A solenidade de Pentecostes nos coloca diante, portanto, de algumas questões que devem ser retomadas: 

·    a Igreja que nasce, ou se consolida em Pentecostes, não é aquela somente de Jerusalém, mas tal festa mostra a unidade e a diversidade da nossa catolicidade, e deve impelir a Igreja do Brasil a ter coragem e ousadia para ter uma adaptação do rito que seja consoante à mentalidade brasileira. Sobre isto muito já foi feito, mas sinto que nos últimos tempos estamos mais interessados em replicar formas europeias (de uma Igreja secularizado) do que valorizar a religiosidade do nosso povo. 

·    O crescimento do Pentecostalismo no Brasil, dentro e fora da Igreja, não pode ser um fator sociológico desprezado, nem mesmo lido somente pela chave econômica. É preciso deixar-se provocar por este fenômeno e  valorizar o que ele possa nos ensinar, e que penso sobre o qual, fundamentalmente, existe um apelo de dar um sentido litúrgico a nossa corporeidade, pois o brasileiro é um povo do corpo e este não pode ser esquecido no rito. 

·    Enfim, existe uma forte marca do Divino (modo como é chamado o Espírito Santo) na religiosidade popular. É preciso conciliar este belo patrimônio existente com a liturgia da Igreja, para que tenhamos um modo de dialogar com as gerações passadas, evangelizando aquilo que deve ser mudado, e conservando o que tem de precioso. 

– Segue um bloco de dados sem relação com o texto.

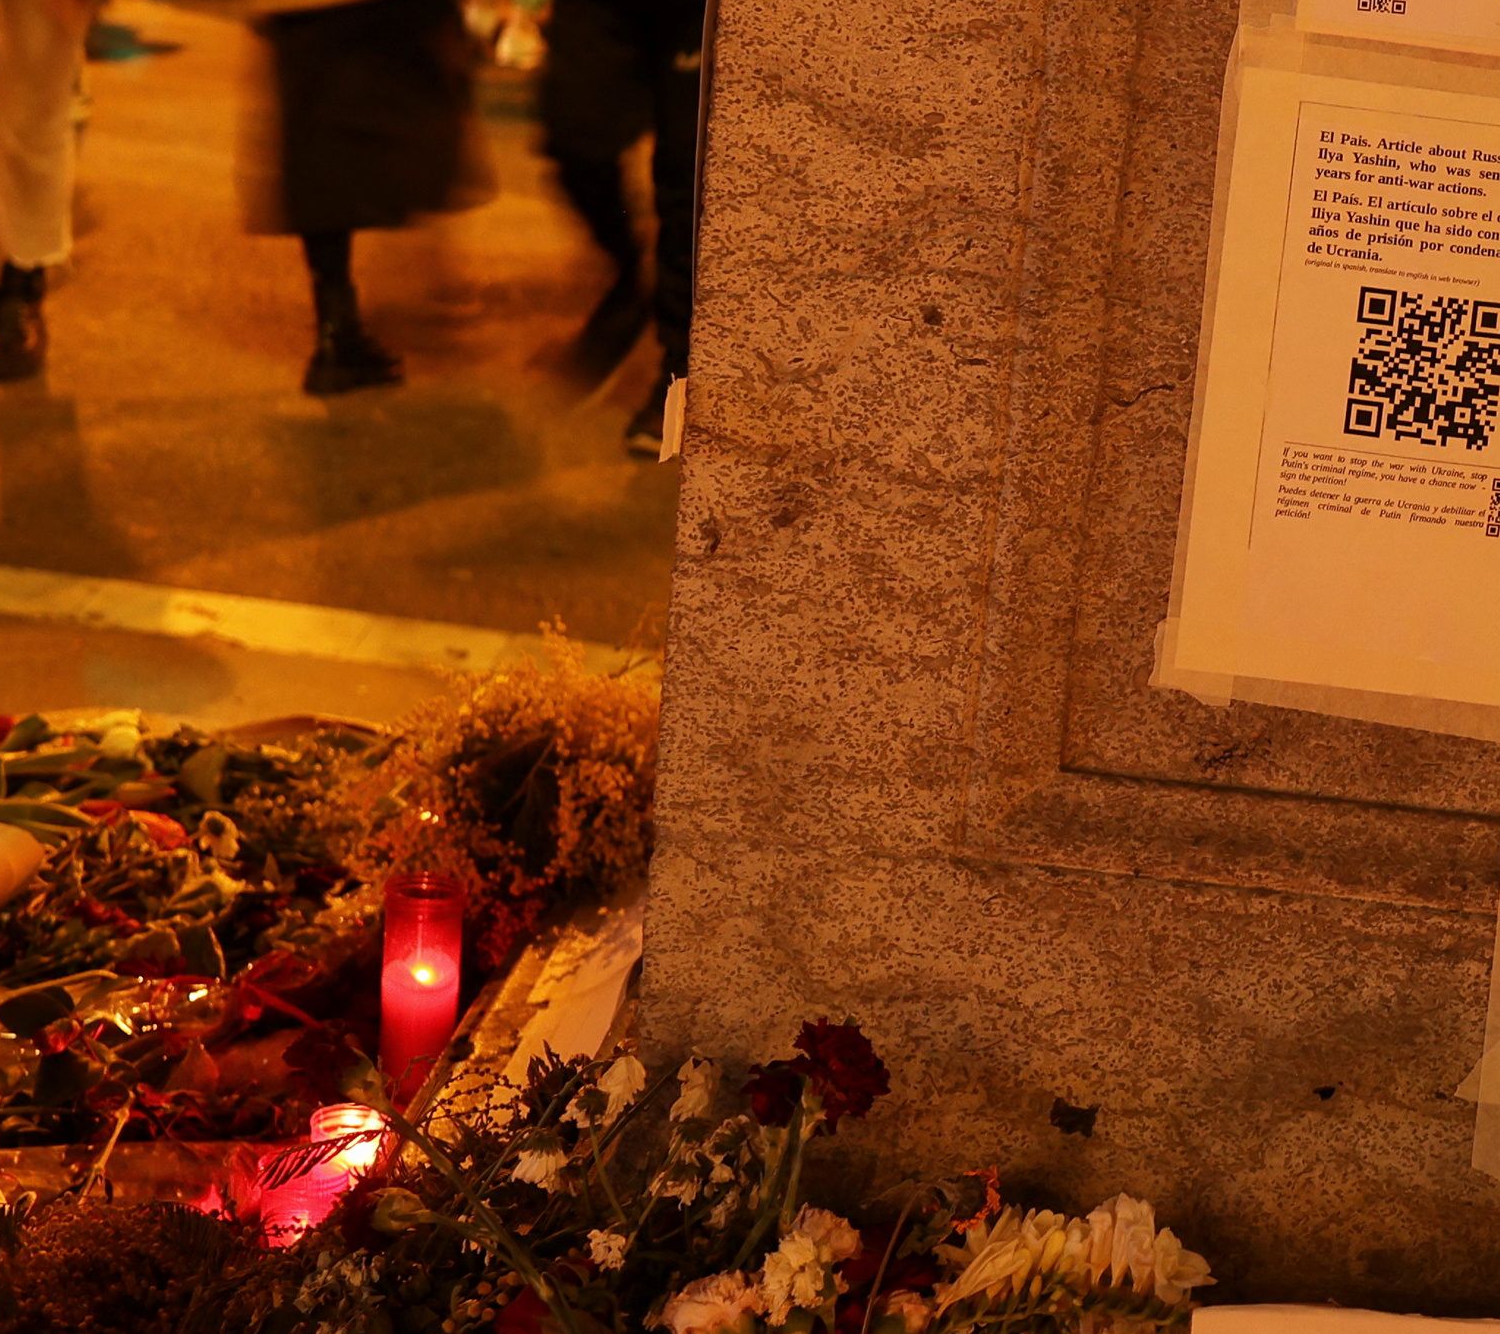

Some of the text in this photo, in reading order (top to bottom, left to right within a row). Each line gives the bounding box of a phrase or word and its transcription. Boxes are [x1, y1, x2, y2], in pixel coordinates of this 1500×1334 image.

*Franciscano conventual, presbítero, mestre e doutor em Liturgia pelo Instituto de Liturgia Pastoral (Pádua – Itália), com tese sobre os movimentos pentecostais não católicos. Atualmente é Reitor e Pároco do Santuário São Francisco de Assis em Brasília-DF; Vigário Episcopal para a Vida Religiosa da Arquidiocese de Brasília. 

 

BLOCH, Ernest. Ateismo nel Cristianesimo per la religione dell’Esodo e del RegnoMilão: Feltrinelli, 1983. 

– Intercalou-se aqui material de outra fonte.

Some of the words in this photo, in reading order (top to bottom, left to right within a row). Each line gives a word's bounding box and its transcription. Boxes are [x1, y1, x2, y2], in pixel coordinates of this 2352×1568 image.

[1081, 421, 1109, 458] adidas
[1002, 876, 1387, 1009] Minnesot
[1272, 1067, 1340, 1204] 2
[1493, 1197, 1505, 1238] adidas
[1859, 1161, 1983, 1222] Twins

CSORDAS, T. J. The Sacred Self: a Cultural Phenomenology of Charismatic Healing. Berkeley: University of California Press, 1997.  

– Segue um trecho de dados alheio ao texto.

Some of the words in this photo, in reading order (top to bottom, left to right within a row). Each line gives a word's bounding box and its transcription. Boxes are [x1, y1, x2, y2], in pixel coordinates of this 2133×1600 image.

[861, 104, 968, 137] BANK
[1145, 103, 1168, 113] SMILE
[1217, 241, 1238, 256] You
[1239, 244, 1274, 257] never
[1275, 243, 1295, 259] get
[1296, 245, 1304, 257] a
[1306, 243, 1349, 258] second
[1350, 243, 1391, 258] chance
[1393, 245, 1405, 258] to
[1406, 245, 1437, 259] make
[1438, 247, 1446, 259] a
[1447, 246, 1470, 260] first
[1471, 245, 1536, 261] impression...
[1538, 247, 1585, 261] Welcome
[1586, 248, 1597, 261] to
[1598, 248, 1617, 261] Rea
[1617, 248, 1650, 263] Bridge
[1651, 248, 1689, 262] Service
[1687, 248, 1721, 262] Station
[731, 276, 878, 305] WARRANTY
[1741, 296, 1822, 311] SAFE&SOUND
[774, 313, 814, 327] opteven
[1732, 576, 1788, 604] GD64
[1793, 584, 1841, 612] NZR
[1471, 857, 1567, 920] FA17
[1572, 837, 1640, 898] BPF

DOCUMENTO DE S. DOMINGO. Discurso inaugural. Enchiridion Documenti della Chiesa LatinoAmericana. Bolonha: Editrice Missionaria Italiana, 1995. 

DOCUMENTO DE APARECIDA. Brasília: Ed. CNBB, 2007. 

TERRIN, A. Il rito: antropologia e fenomenologia della ritualità. Brescia: Morceliana, 1999.  

 



[1] A chama é símbolo da capacidade do Espírito de transformar as coisas: “E repentinamente uma chama que vinha do Senhor devorou o holocausto e a gordura toda que estavam sobre o altar. Vendo isso, o povo louvou o Senhor, prostrando-se por terra (Lv 9, 24)”. 

[2] “Tendo sido batizado, Jesus sai das águas. Os céus se abriram e eles viram o Espírito de Deus descer como uma pomba e pairar sobre ele (Mt 3, 16)”.

[3] “E o Senhor lhes precedia para lhes mostrar o caminho durante o dia com uma coluna de nuvem, durante a noite com uma coluna de fogo, qualquer que fosse o momento de sua viagem. Nunca deixou de haver uma coluna de nuvem durante o dia nem a coluna de fogo durante a noite, seguindo à frente do povo, indicando-lhe o caminho e protegendo-o do sol do deserto (Ex 13. 21-22)”.